30 December 2007

🏗️Software Engineering: Failure (Just the Quotes)

"A complex system can fail in an infinite number of ways." (John Gall, "General Systemantics: How systems work, and especially how they fail", 1975)

"Failure to allow enough time for system test, in particular, is peculiarly disastrous. Since the delay comes at the end of the schedule, no one is aware of schedule trouble until almost the delivery date. Bad news, late and without warning, is unsettling to customers and to managers." (Fred P Brooks, "The Mythical Man-Month: Essays", 1975)

"The fundamental problem with software maintenance is that fixing a defect has a substantial (20-50 percent) chance of introducing another. So the whole process is two steps forward and one step back. Why aren't defects fixed more cleanly? First, even a subtle defect shows itself as a local failure of some kind. In fact it often has system-wide ramifications, usually nonobvious. Any attempt to fix it with minimum effort will repair the local and obvious, but unless the structure is pure or the documentation very fine, the far-reaching effects of the repair will be overlooked. Second, the repairer is usually not the man who wrote the code, and often he is a junior programmer or trainee. (Frederick P. Brooks, "The Mythical Man-Month" , 1975)

"Systems with unknown behavioral properties require the implementation of iterations which are intrinsic to the design process but which are normally hidden from view. Certainly when a solution to a well-understood problem is synthesized, weak designs are mentally rejected by a competent designer in a matter of moments. On larger or more complicated efforts, alternative designs must be explicitly and iteratively implemented. The designers perhaps out of vanity, often are at pains to hide the many versions which were abandoned and if absolute failure occurs, of course one hears nothing. Thus the topic of design iteration is rarely discussed. Perhaps we should not be surprised to see this phenomenon with software, for it is a rare author indeed who publicizes the amount of editing or the number of drafts he took to produce a manuscript." (Fernando J Corbató, "A Managerial View of the Multics System Development", 1977)

"[...] when a variety of tasks have all to be performed in cooperation, synchronization, and communication, a business needs managers and a management. Otherwise, things go out of control; plans fail to turn into action; or, worse, different parts of the plans get going at different speeds, different times, and with different objectives and goals, and the favor of the 'boss' becomes more important than performance." (Peter F Drucker, "People and Performance", 1977)
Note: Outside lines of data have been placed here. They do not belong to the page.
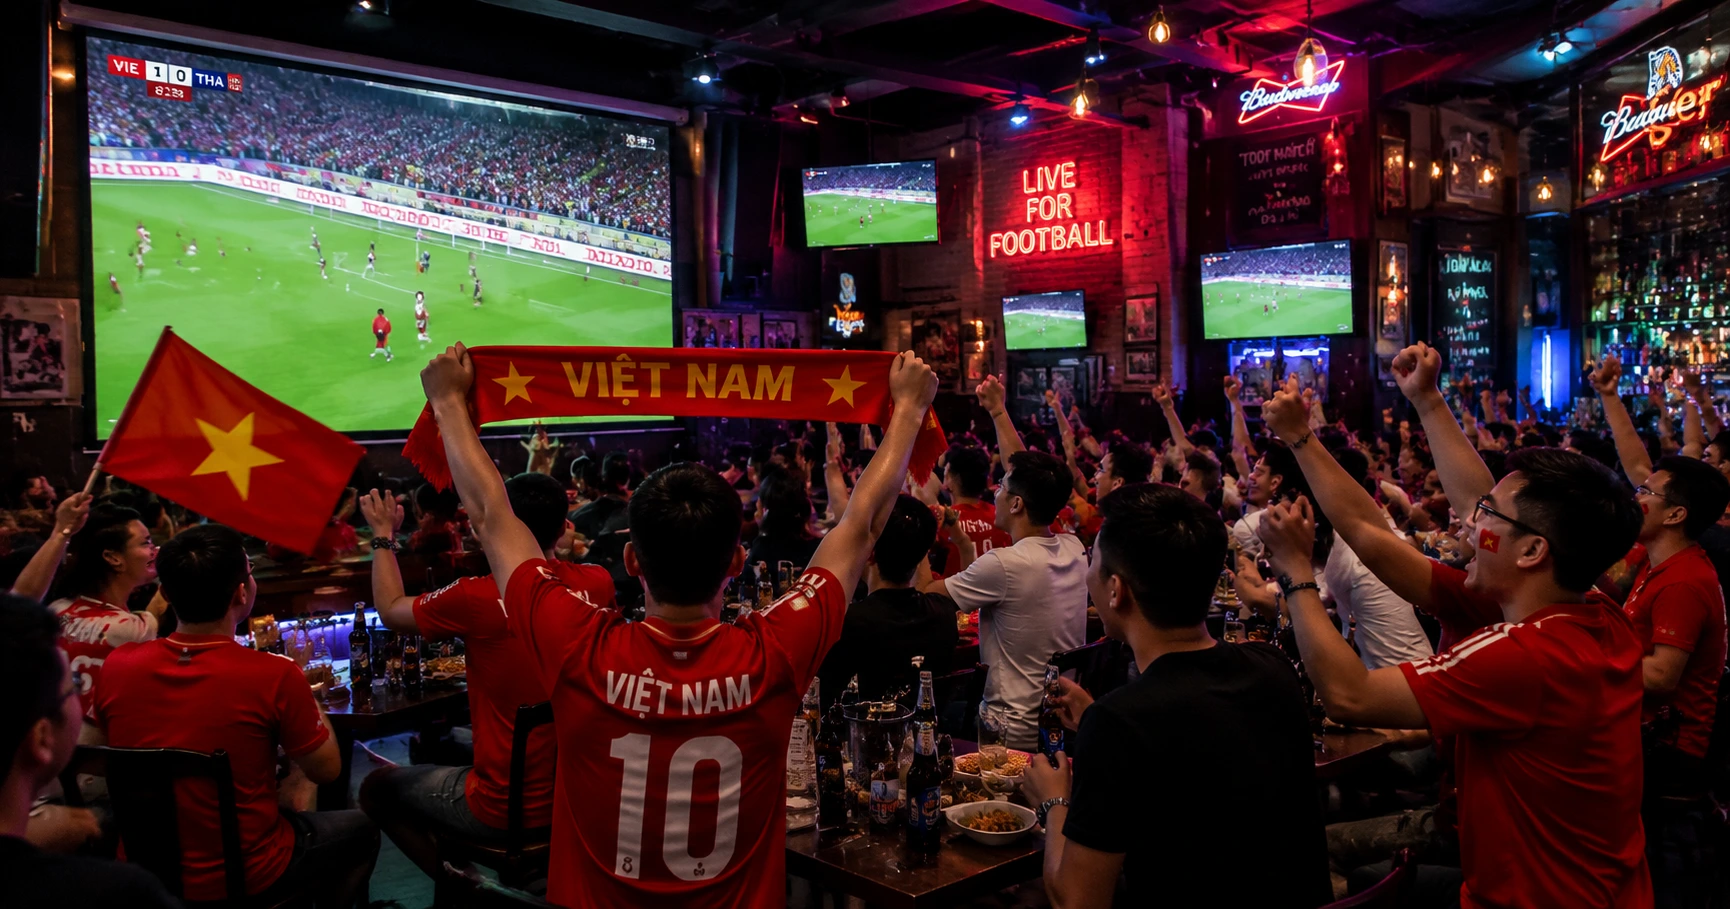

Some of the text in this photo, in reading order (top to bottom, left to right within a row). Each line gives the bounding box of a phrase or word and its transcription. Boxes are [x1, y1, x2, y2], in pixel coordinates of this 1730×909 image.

[113, 59, 139, 75] VIE
[154, 66, 161, 78] 1
[176, 69, 186, 82] 0
[195, 73, 224, 87] THA
[1023, 161, 1076, 194] LIVE
[1027, 193, 1073, 223] FOR
[990, 220, 1114, 258] FOOTBALL
[561, 353, 796, 406] VIỆT NAM
[607, 667, 752, 719] VIỆT NAM
[609, 732, 743, 882] 10
"How do we convince people that in programming simplicity and clarity - in short: what mathematicians call 'elegance' - are not a dispensable luxury, but a crucial matter that decides between success and failure?" (Edsger W Dijkstra, "'Why Is Software So Expensive?' An Explanation to the Hardware Designer", [EWD648] 1982) 

"Leaders value learning and mastery, and so do people who work for leaders. Leaders make it clear that there is no failure, only mistakes that give us feedback and tell us what to do next." (Warren G Bennis, Training and Development Journal, 1984)

"Object-oriented programming languages support encapsulation, thereby improving the ability of software to be reused, refined, tested, maintained, and extended. The full benefit of this support can only be realized if encapsulation is maximized during the design process. […] design practices which take a data-driven approach fail to maximize encapsulation because they focus too quickly on the implementation of objects." (Rebecca Wirfs-Brock, "Object-oriented Design: A. responsibility-driven approach", 1989)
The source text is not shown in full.